Em nota, a assessoria de imprensa do Instituto Butantan disse que a etapa de desenvolvimento não foi o único critério usado pela instituição. “À época, o instituto buscava uma tecnologia que já existisse no parque industrial do Butantan (vírus inativado), além de uma vacina que estivesse avançada na linha de desenvolvimento (...) e um laboratório que aceitasse realizar a transferência de tecnologia”, diz a nota. “É nesse contexto que o professor Dimas proferiu sua fala.”

No final de dezembro, o mundo tinha aplicado pouco mais de 4 milhões de doses

Dimas Covas

Durante depoimento na CPI

SUBESTIMADO

O número de vacinas aplicadas em dezembro de 2020 é significativamente maior do que 4 milhões de doses. De acordo com o site Our World in Data, da Universidade de Oxford, em 31 de dezembro de 2020, já haviam sido aplicadas 9,02 milhões de doses de vacina contra a Covid-19 no mundo todo. Naquele momento, a China havia aplicado 4,5 milhões de doses e os Estados Unidos, 2,79 milhões. Esse dado representa o número total de doses administradas, ou seja, dose única, e não o número de pessoas vacinadas.
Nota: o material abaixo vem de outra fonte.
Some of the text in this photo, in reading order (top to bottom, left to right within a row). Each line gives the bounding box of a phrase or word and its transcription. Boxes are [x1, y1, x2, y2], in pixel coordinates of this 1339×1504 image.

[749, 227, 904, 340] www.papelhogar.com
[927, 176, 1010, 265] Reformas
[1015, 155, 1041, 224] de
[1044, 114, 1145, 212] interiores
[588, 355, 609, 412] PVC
A regulamentação para uso emergencial das vacinas no Brasil saiu em dezembro pela Anvisa

Dimas Covas

Durante depoimento na CPI

VERDADEIRO

Em dezembro do ano passado, a Anvisa (Agência Nacional de Vigilância Sanitária) definiu quais eram os requisitos mínimos para que laboratórios solicitassem a autorização de uso emergencial de vacinas contra a Covid-19. O documento estabelece que a empresa que submeter um imunizante precisa fornecer dados do ensaio clínico que comprovam a qualidade da vacina, se comprometendo ainda a acompanhar a aplicação do imunizante e garantir condições de manutenção.
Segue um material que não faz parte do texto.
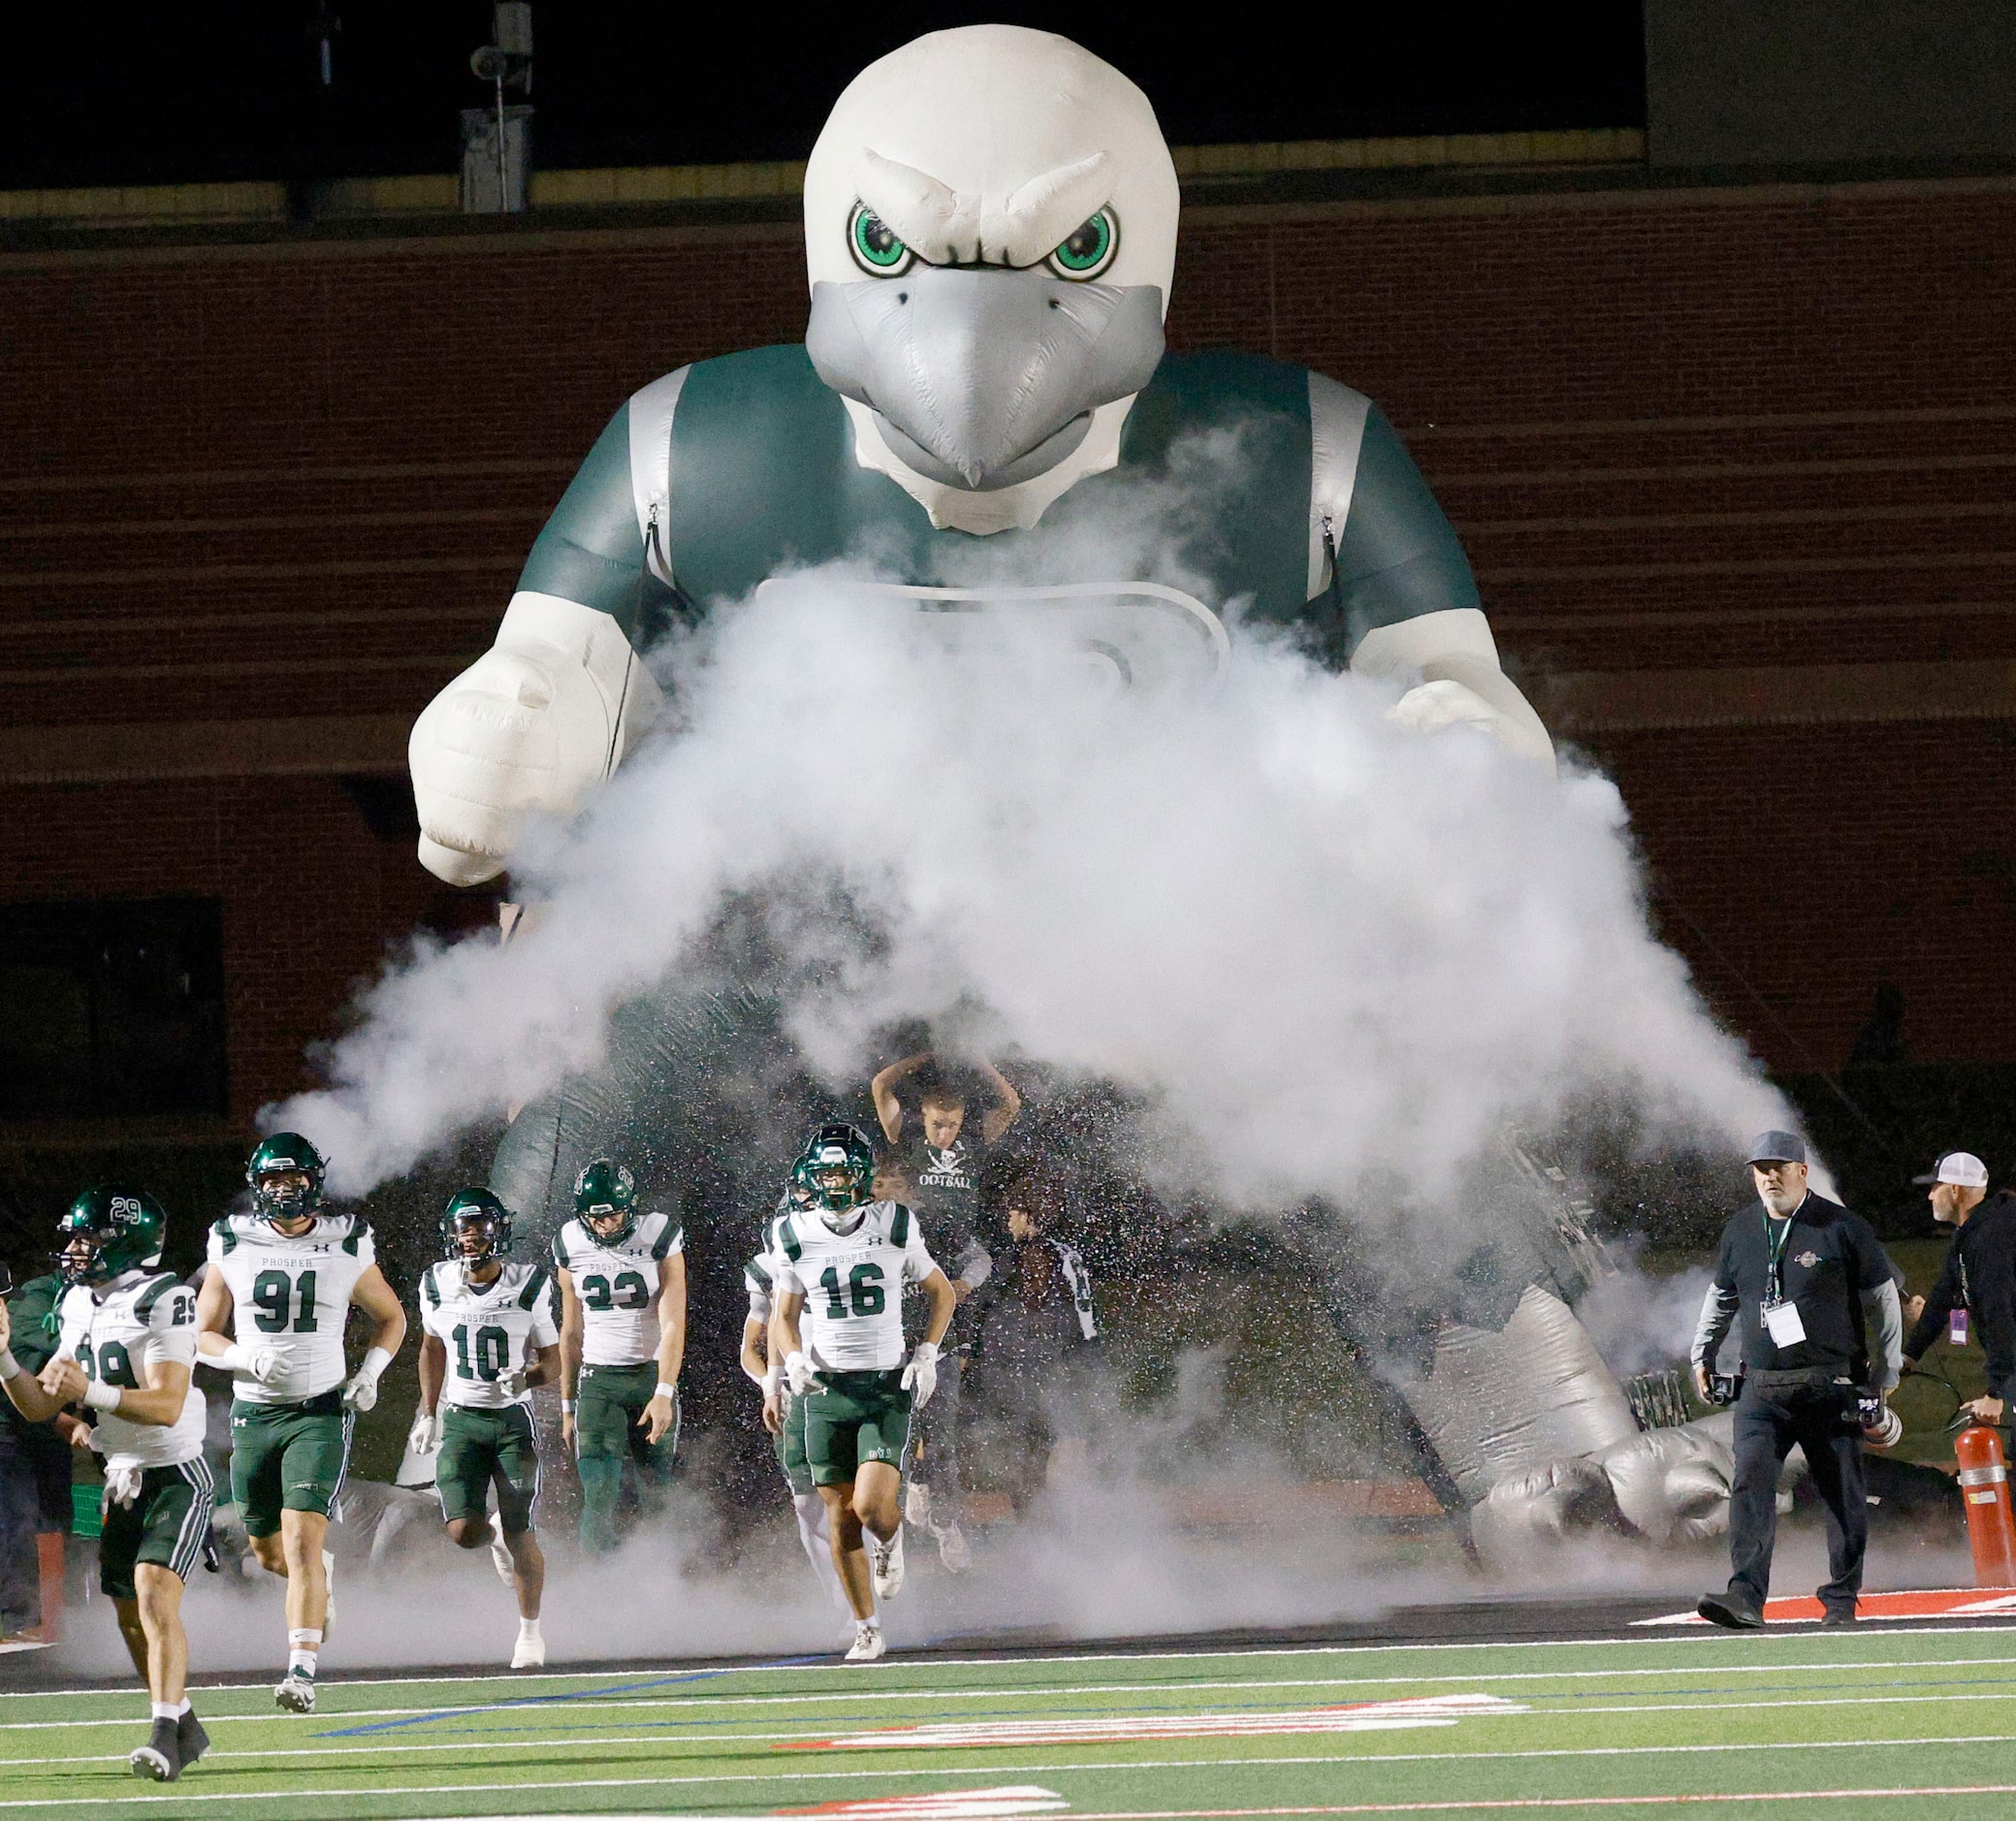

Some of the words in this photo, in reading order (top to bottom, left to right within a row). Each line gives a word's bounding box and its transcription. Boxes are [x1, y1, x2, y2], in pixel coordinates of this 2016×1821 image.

A HEK [293], é uma célula usada em processos biotecnológicos, [mas] não no caso dessa vacina. Em relação a essa vacina, especificamente, são as células Vero, que é uma célula de macaco, de rim de macaco

Dimas Covas

Durante depoimento na CPI

VERDADEIRO

A cultura de células utilizada pela Sinovac no desenvolvimento da Coronavac é da linhagem Vero, iniciada em 1962 a partir de células renais de uma espécie africana de macaco. Essa informação consta no estudo publicado pelo The Lancet em novembro de 2020, no qual pesquisadores da companhia explicam os resultados dos estudos de primeira e segunda fase de ensaios clínicos da vacina. A linhagem celular HEK-293, mencionada na CPI pelo senador Eduardo Girão (MDB-CE), não foi utilizada.

Culturas celulares são conjuntos de células desenvolvidas em laboratório para uso em pesquisas científicas ou desenvolvimento de produtos. Na fabricação de vacinas, elas são usadas para cultivar os antígenos —o elemento que será usado para estimular o sistema imunológico. No caso da Coronavac, uma vacina de vírus inativado, trata-se do próprio vírus Sars-CoV-2. Isso significa que elas não são inseridas na vacina, e sim fazem parte do processo de produção.

Essas culturas de células geralmente são criadas a partir de um tecido de um único organismo, que é multiplicado artificialmente em laboratório. No caso das células Vero, são células do rim de um macaco morto em 1962.

Algumas linhagens celulares foram desenvolvidas a partir de células-tronco humanas. A HEK-293, por exemplo, foi criada em 1973 a partir de tecidos de um feto abortado legalmente na Holanda e vem sendo multiplicada em laboratório até os dias de hoje. Ou seja, embora ela tenha origem em um embrião humano, isso não significa que são necessários outros abortos para que continue sendo produzida. Algumas vacinas, incluindo a de Oxford/AstraZeneca, usam a HEK-293 em sua produção.